> **TASK INPUTS**:

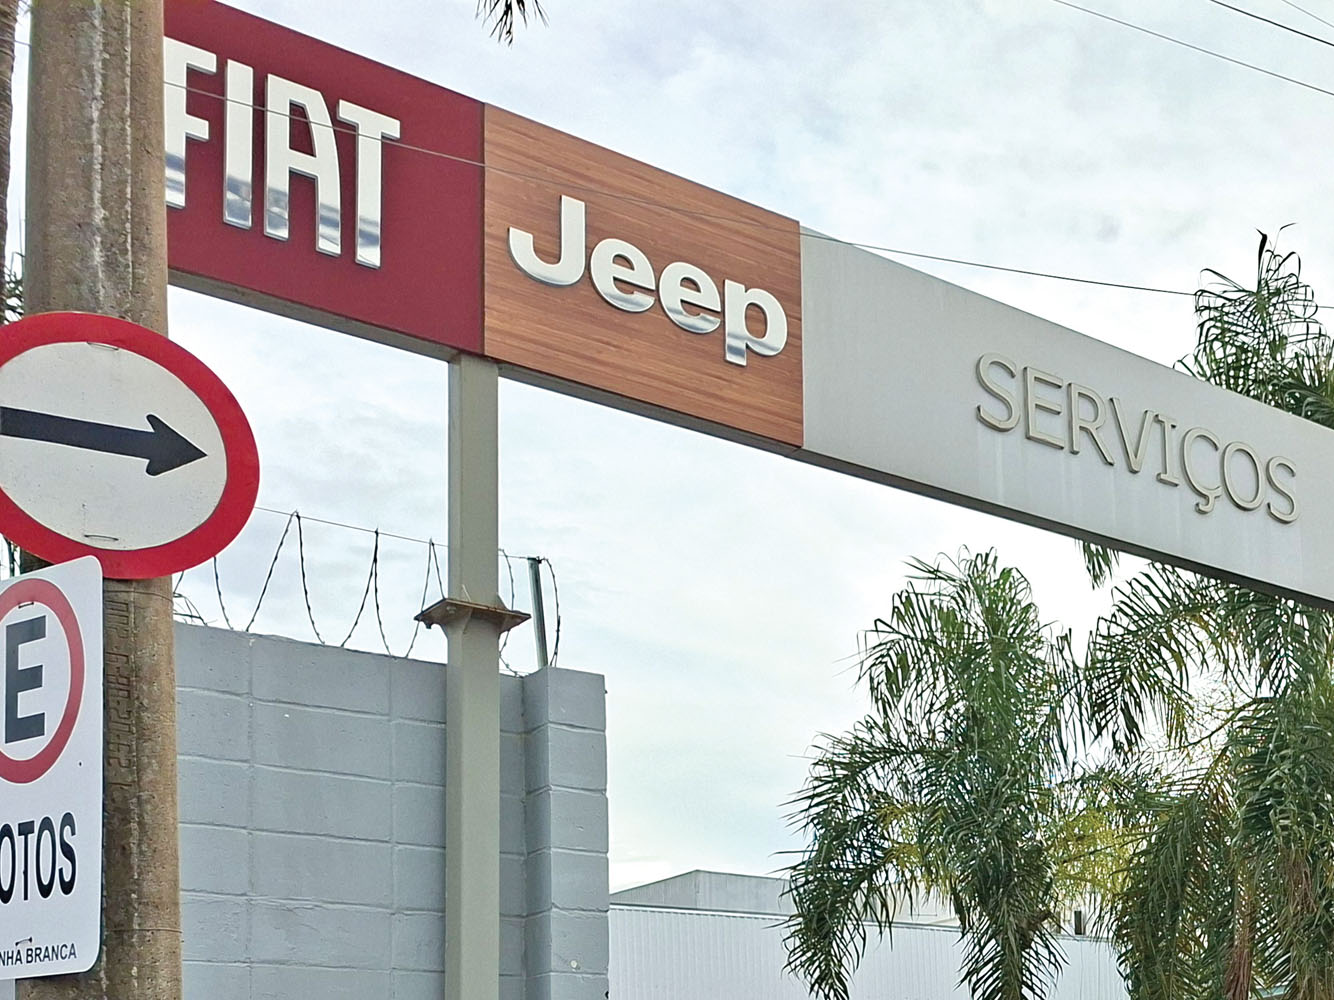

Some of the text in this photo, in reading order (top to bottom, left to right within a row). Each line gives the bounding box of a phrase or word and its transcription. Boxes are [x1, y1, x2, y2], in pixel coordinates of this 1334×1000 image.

[164, 36, 401, 270] FIAT
[507, 194, 789, 368] Jeep
[976, 352, 1299, 524] SERVIÇOS
[5, 615, 46, 744] E
[0, 811, 77, 904] OTOS
[26, 943, 77, 964] BRANCA
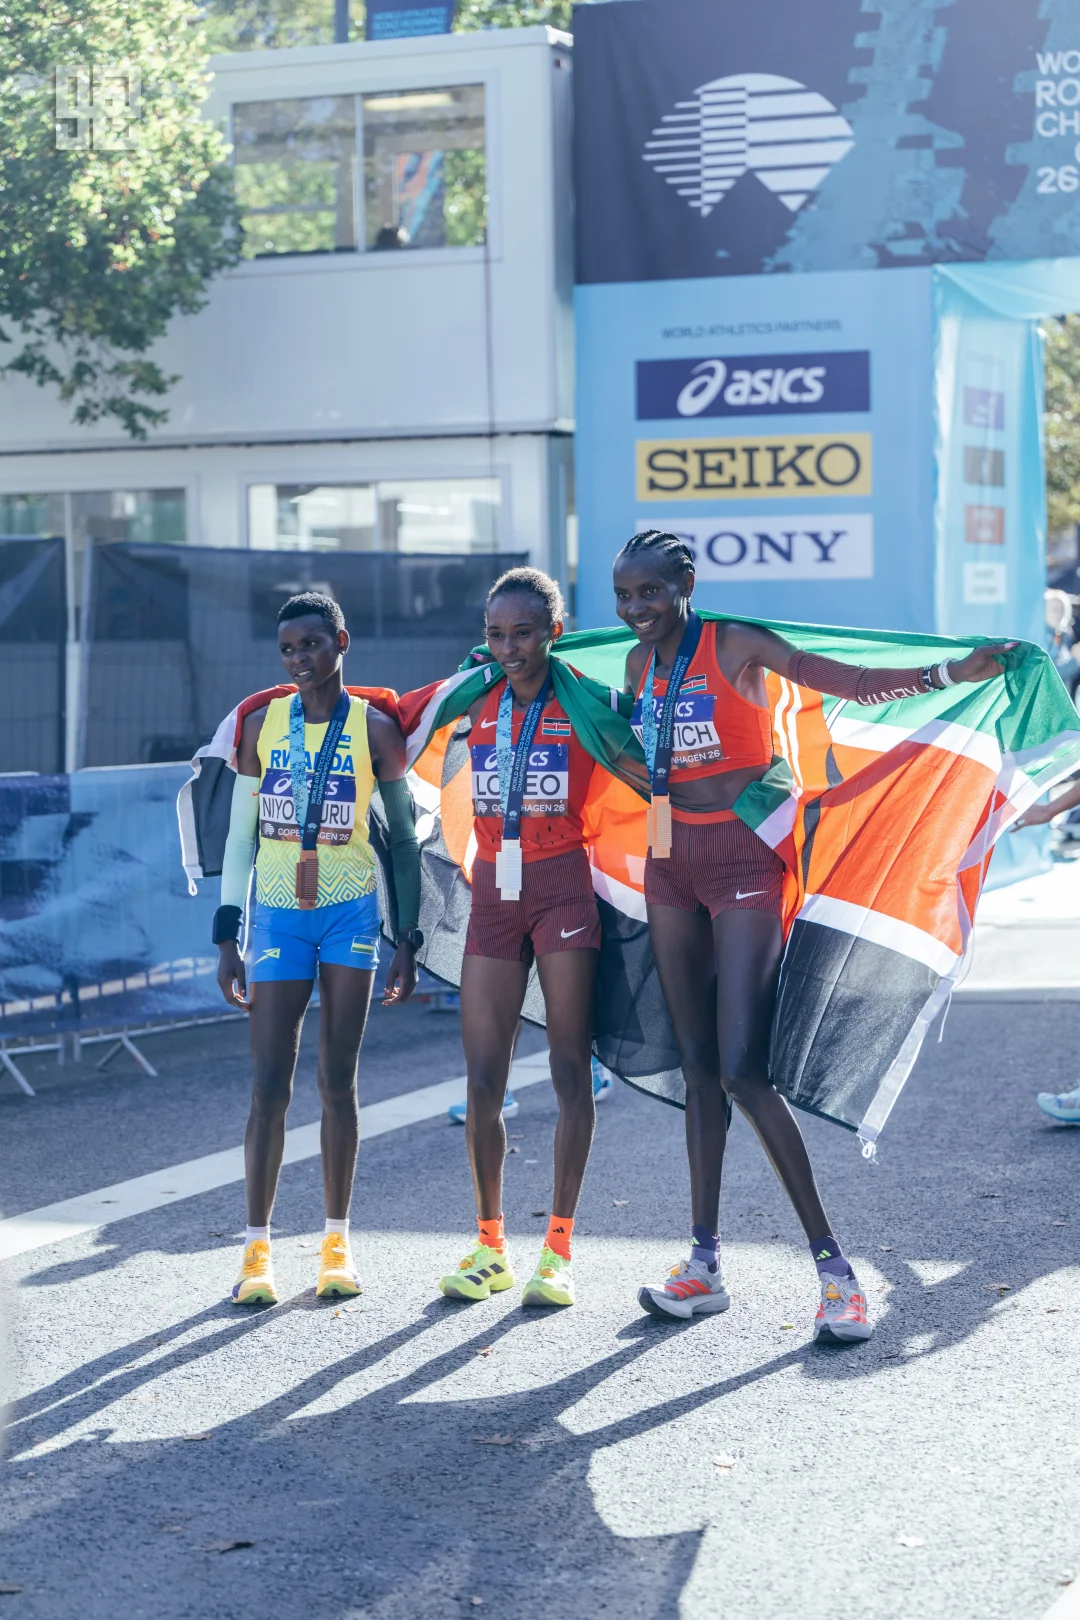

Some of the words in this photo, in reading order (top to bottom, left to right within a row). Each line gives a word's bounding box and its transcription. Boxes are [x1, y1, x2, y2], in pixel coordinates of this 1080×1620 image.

> **TASK BRIEF**:
The answer must be the whole listing, word for word, with no pictures in it. Please write it out.

> **FINAL ANSWER**:
Some of the text in this photo, in reading order (top to bottom, left to right within a row). Each line gives the bounding box of a phrase or word and its transcription. Boxes are [x1, y1, x2, y2], in pixel coordinates of this 1334×1000 image.

[164, 36, 401, 270] FIAT
[507, 194, 789, 368] Jeep
[976, 352, 1299, 524] SERVIÇOS
[5, 615, 46, 744] E
[0, 811, 77, 904] OTOS
[26, 943, 77, 964] BRANCA

Some of the words in this photo, in reading order (top to bottom, left to right within a row). Each line gives a word's bounding box and its transcription. Boxes are [x1, y1, x2, y2], in pixel coordinates of this 1080×1620 image.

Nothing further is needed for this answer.